Billy Graham died yesterday at 99, after a life (very) well-lived. So how is “America’s Pastor” being remembered in today’s “Acts of Faith” section? William Martin’s piece in the Post chooses to paint the evangelist as an absent father, whose dedication to preaching led to his kids to drugs and divorce, and caused his wife much suffering.
That’s it. That’s all “Acts of Faith” has got.
Martin writes that while “Graham’s crusades took him throughout the world, little was left for Ruth and the children — Gigi, Anne, then Ruth (long called Bunny), Franklin and Ned.”
According to Martin, Graham was crusading during the birth of his first daughter, and tragically, he didn’t recognize her when she visited him on a mission. “He stared at the toddler with a blank look, not recognizing his own daughter.” He would be gone for months, and the children would notice. Martin describes Graham’s daughter watching airplanes in the sky and saying, “Bye, Daddy! Bye, Daddy!”
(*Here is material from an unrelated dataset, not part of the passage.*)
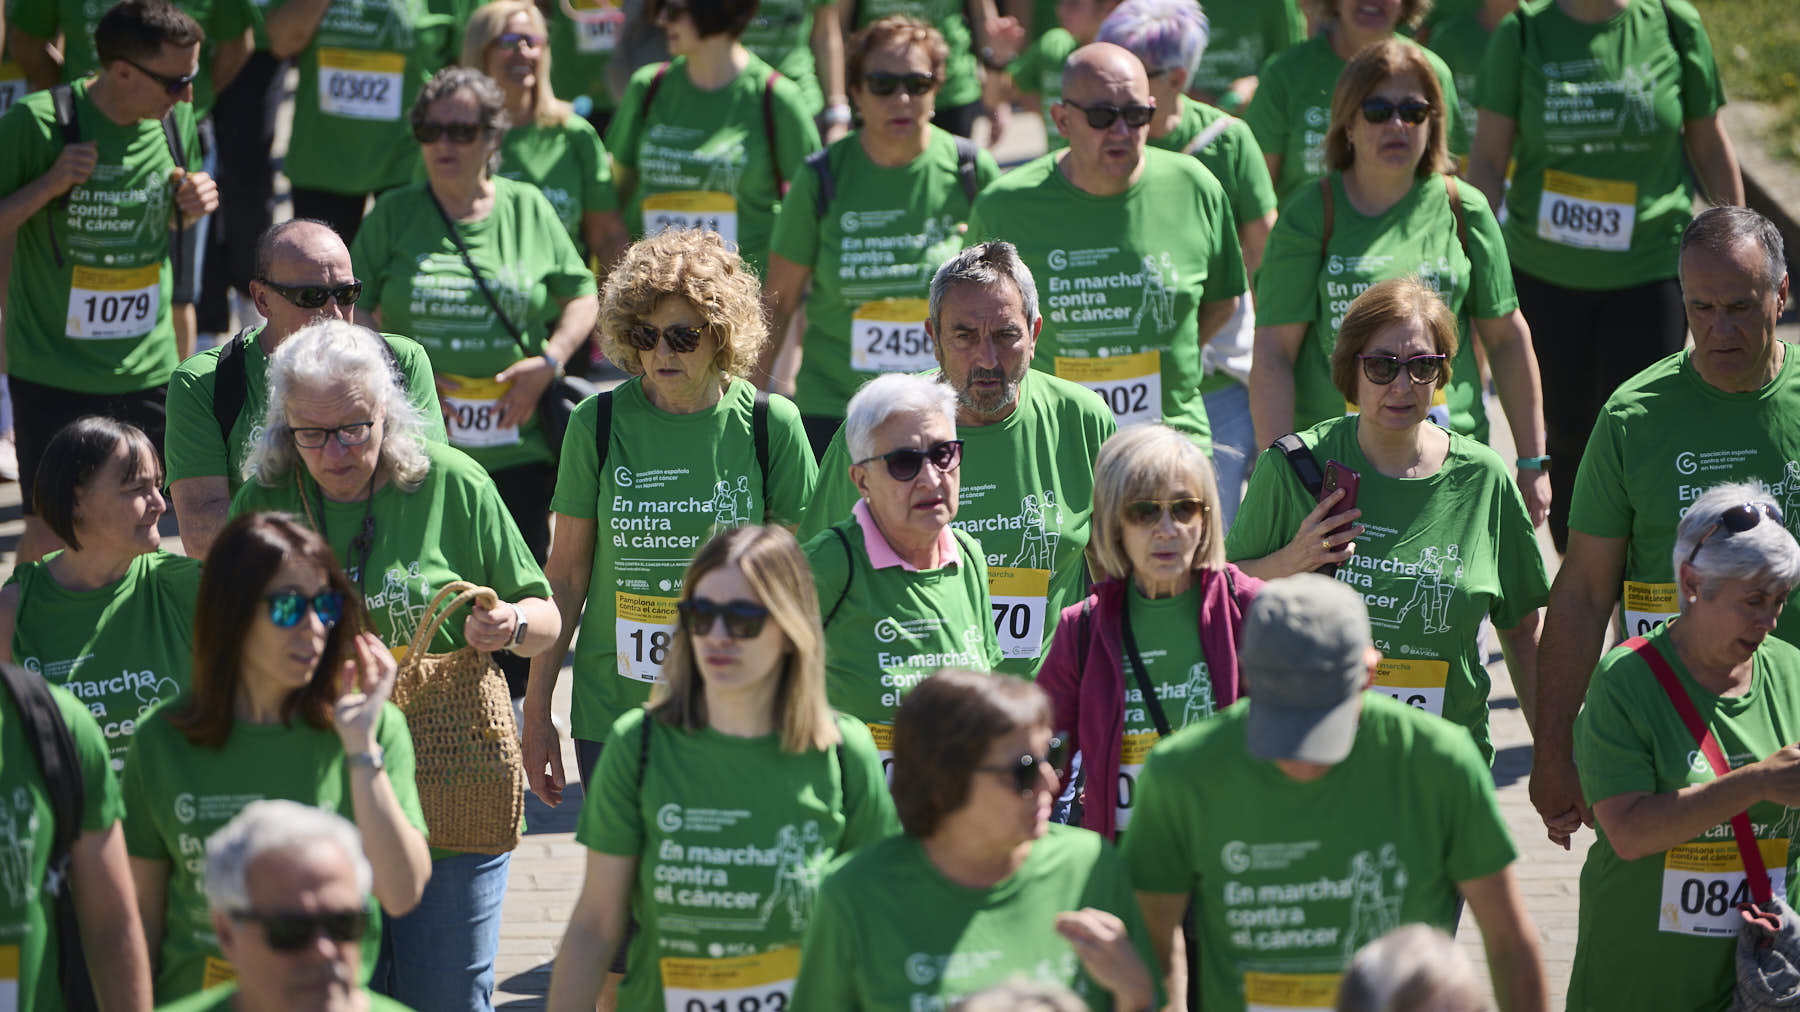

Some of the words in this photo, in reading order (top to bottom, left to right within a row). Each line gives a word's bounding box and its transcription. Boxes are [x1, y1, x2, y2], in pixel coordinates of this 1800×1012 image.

Martin asserts that because of his absence, the kids weren’t the model of decorum growing up. (The Post might want to be careful here, lest it inadvertently validate the beneficial role of fathers in kids’ lives.) Either way, Ruth tried her best to be strict. Gigi recalled, “I got spanked nearly every day. Franklin, too … But Mother had a great sense of humor.”
On one occasion when Billy was home trying to discipline the kids, his daughter confronted him, crying, “Some Dad you are! You go away and leave us all the time!” Billy’s eyes filled with tears. Afterwards, he was never harsh with the kids again.
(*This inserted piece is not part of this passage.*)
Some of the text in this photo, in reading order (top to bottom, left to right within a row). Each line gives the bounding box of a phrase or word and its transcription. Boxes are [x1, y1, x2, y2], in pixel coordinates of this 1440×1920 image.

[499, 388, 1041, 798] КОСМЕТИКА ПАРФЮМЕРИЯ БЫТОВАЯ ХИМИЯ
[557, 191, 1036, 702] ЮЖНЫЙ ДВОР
The Graham brothers lashed out like typical rebellious boys. Franklin “was always a handful. As an adolescent, he smoke, drank and drove fast,” and Ned, the youngest, developed a serious drug problem. It took him years to correct it.
Because “Daddy was burdened, Mother was overwhelmed. It was easier to send us away.” The children describe having to attend boarding school when they were of age. Bunny, Graham’s other daughter described how she wanted to become a nurse, but her parents simply refused. They instead encouraged their daughters to become mothers and a homemakers. “There was never an idea of a career for us.”
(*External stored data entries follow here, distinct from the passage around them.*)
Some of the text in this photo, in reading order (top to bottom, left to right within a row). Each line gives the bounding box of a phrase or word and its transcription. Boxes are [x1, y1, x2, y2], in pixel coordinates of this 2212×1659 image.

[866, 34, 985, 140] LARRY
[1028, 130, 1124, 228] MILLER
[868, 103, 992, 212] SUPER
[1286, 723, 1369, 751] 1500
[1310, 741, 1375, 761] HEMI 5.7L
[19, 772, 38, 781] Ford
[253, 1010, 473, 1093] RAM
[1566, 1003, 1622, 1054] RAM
Three out of the five children have been divorced as well. Ruth describes the heartbreak, saying that, “At first I resorted to my familiar pattern of denial — covering over my hurt with spiritual platitudes. I prayed. I fasted. I forgave. I claimed Bible promises. I did all I’d been taught to do.” But Graham initially encouraged her not to divorce, because it would hurt the millions who believed in his message.
Martin writes that the children say their “father’s relation with the family has been awkward,” because of his job. Ruth states, “We were footnotes in books -- literally. Well we’re not footnotes. We are real, living, breathing people.”
While Graham’s family life may not have been perfect, why is it that liberals will slam him after death, while praising pillars of misogyny and pornography upon their deaths? The progressive media offered glowing remembrances of Hugh Hefner after he passed away, even though many agree that his life’s work was unsavory.
Progressives call Hefner a “giant of cultural influence.” But what about a good man, who tried to influence the culture with teachings of God’s kingdom? Screw him, He’s a bad father.